Eureka, which was nominated by the Humboldt County Convention & Visitors Bureau, is a "beautifully preserved Victorian-era town" on the coast in Northern California, according to the NTHP. Its Old Town is "one of the nation's best original Victorian-era commercial districts," and features the famous Carson Mansion -- one of the most photographed Victorian homes in America.

The town’s coastal location on Humboldt Bay and proximity to the redwood forests made it an ideal location for the 19th century fishing and timber industries, and visitors can still appreciate the active seaport at one of Eureka’s many restaurants dedicated to locally caught and grown cuisine.

Eureka highlights include:

  • The Samoa Cookhouse is the last surviving cookhouse of the West and has been serving meals since 1890. After dining like a lumberjack (“family style”), visitors can peruse the cookhouse’s Historic Logging Museum and gift shop full of relics and photos from bygone logging days.
  • The Blue Ox Millworks and historic park is a unique experience where visitors can view demonstrations of Victorian-era craftsmanship techniques.
  • For an authentic lodging experience, consider the Carter House Inns, the premier lodging on the North Coast located in Old Town and near the waterfront.
  • Eureka offers more than 50 festivals, including an Intertribal gathering of Native American tribes, a mushroom fair and the Kinetic Sculpture Race, which is the original triathlon of the art world.
  • Take a Humboldt Bay cruise on the Madaket, the last surviving ferry that transported mill workers and families to the bay. It is the oldest vessel in continuous service in the United States, boasts the smallest licensed bar in the state and is a California historic vessel.
  • Rent kayaks from Humboats just across the bay on Woodley Island. A wide array of bird species congregate in the bay. Paddle around Indian Island or along the water trails of the Humboldt Bay National Wildlife Refuge.
  • The Native American wing of the Clarke Historical Museum displays a collection of northern California Native American basketry, stoneware and regalia.

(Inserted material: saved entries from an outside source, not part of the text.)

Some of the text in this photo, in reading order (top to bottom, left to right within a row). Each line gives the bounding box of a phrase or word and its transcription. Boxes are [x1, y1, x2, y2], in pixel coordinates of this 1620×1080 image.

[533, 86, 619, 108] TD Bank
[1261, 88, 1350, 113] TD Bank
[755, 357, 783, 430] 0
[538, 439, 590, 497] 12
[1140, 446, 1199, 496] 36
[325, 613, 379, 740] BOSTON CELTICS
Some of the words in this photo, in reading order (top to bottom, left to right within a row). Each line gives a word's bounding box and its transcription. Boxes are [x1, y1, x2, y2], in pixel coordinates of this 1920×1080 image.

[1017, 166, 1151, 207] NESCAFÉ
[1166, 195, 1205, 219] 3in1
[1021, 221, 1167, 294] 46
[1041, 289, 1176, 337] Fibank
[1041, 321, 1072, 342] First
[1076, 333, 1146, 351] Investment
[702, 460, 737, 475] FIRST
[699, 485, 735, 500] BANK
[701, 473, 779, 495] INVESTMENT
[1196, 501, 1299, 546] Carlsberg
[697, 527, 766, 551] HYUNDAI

For 11 years the NTHP has selected communities across America each year that offer cultural and recreational experiences different from those found at the typical vacation destination.

From dynamic downtowns and stunning architecture to cultural diversity and a commitment to historic preservation, sustainability and revitalization, the selected destinations boast a richness of character and exude an authentic sense of place.  

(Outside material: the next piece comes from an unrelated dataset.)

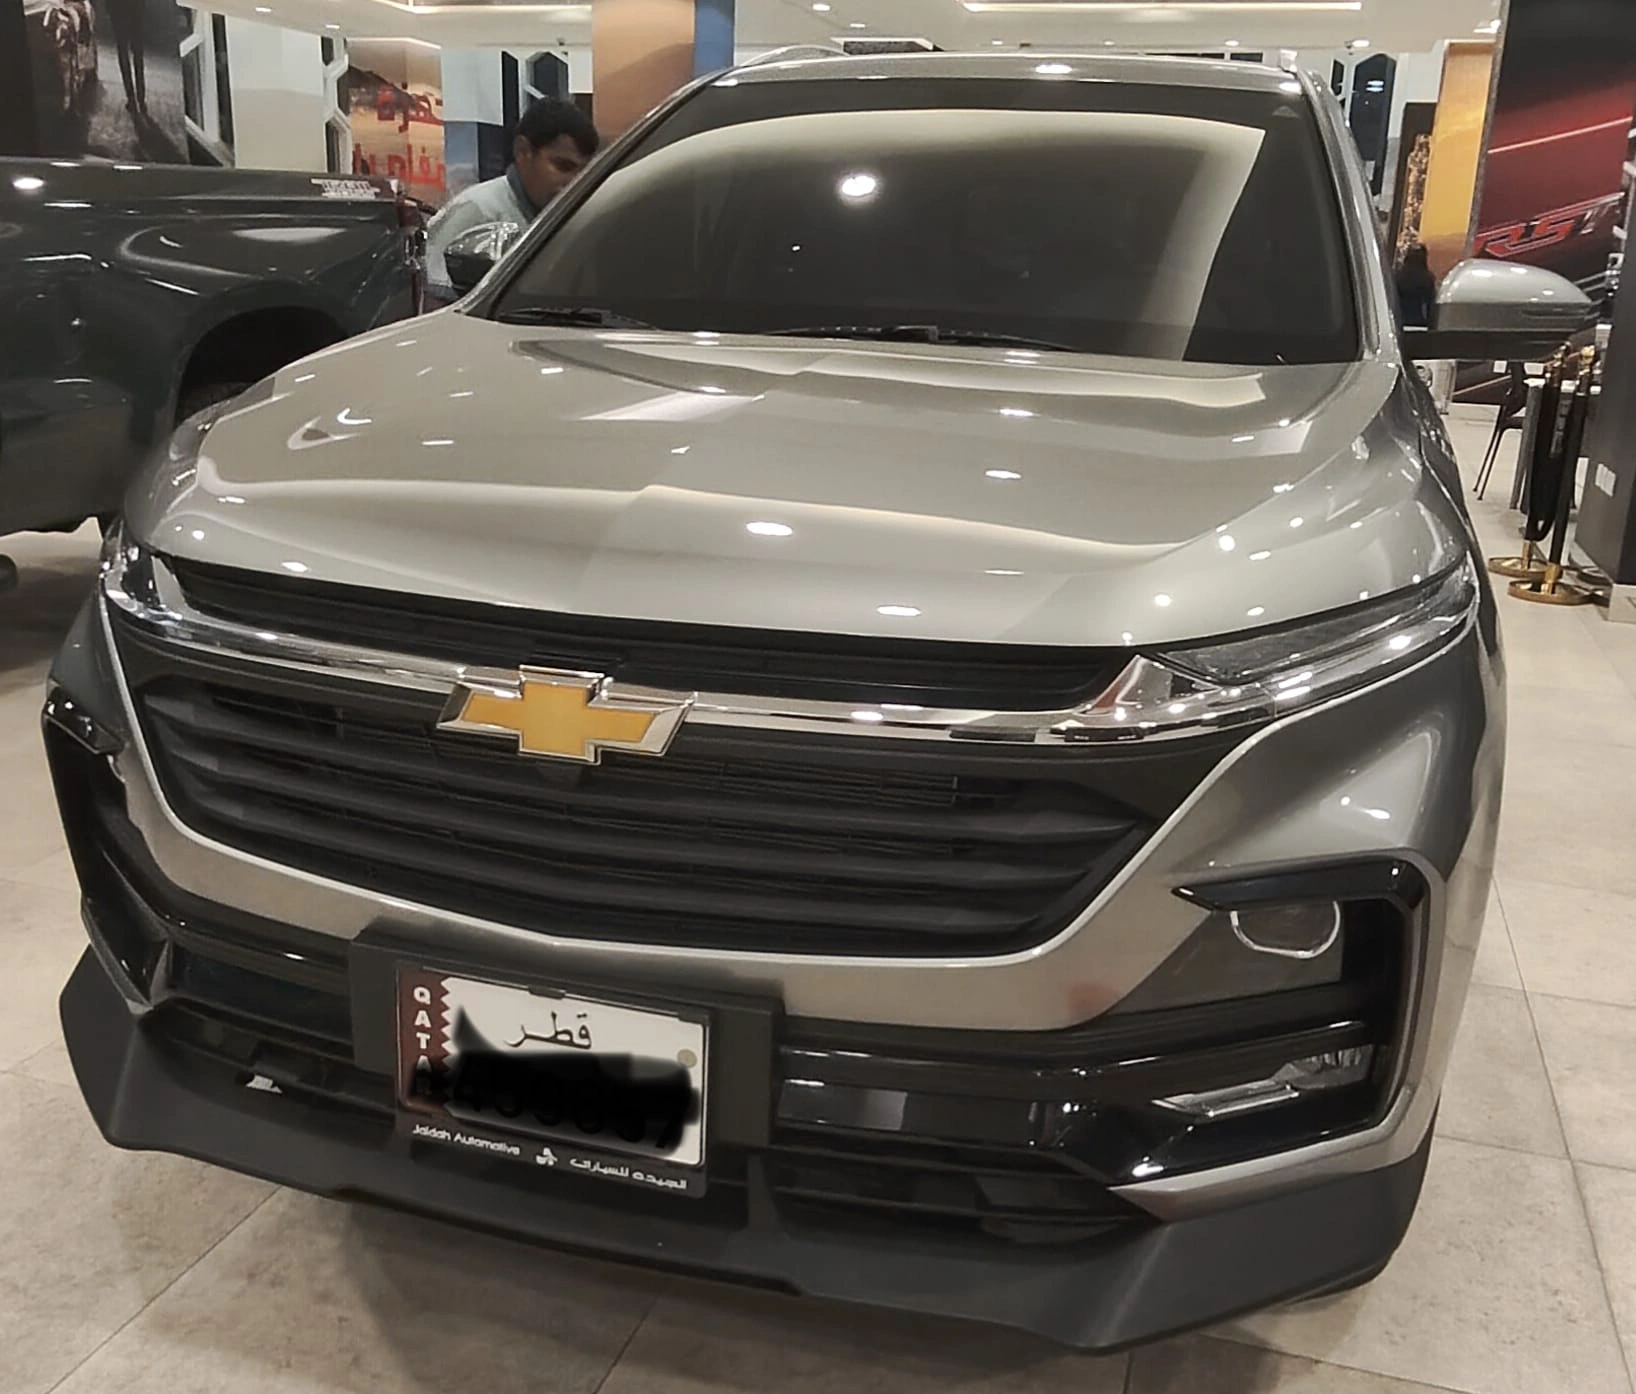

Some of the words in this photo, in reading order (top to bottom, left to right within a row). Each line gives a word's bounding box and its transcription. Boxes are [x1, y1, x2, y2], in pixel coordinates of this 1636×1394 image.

[412, 986, 433, 1088] QATA
[503, 1011, 593, 1050] قطر
[453, 1132, 520, 1156] Automotive

The other 2011 Dozen Distinctive Destinations are Alexandria, VA; Chapel Hill, NC; Colorado Springs, CO; Dandridge, TN; Muskogee, OK; New Bedford, MA; Paducah, KY; San Angelo, TX; Saint Paul, MN; Sheridan, WY; and Sonoma, CA.

The Washington, D.C.-based NTHP (www.PreservationNation.org) is a non-profit membership organization bringing people together to protect, enhance and enjoy the places that matter to them.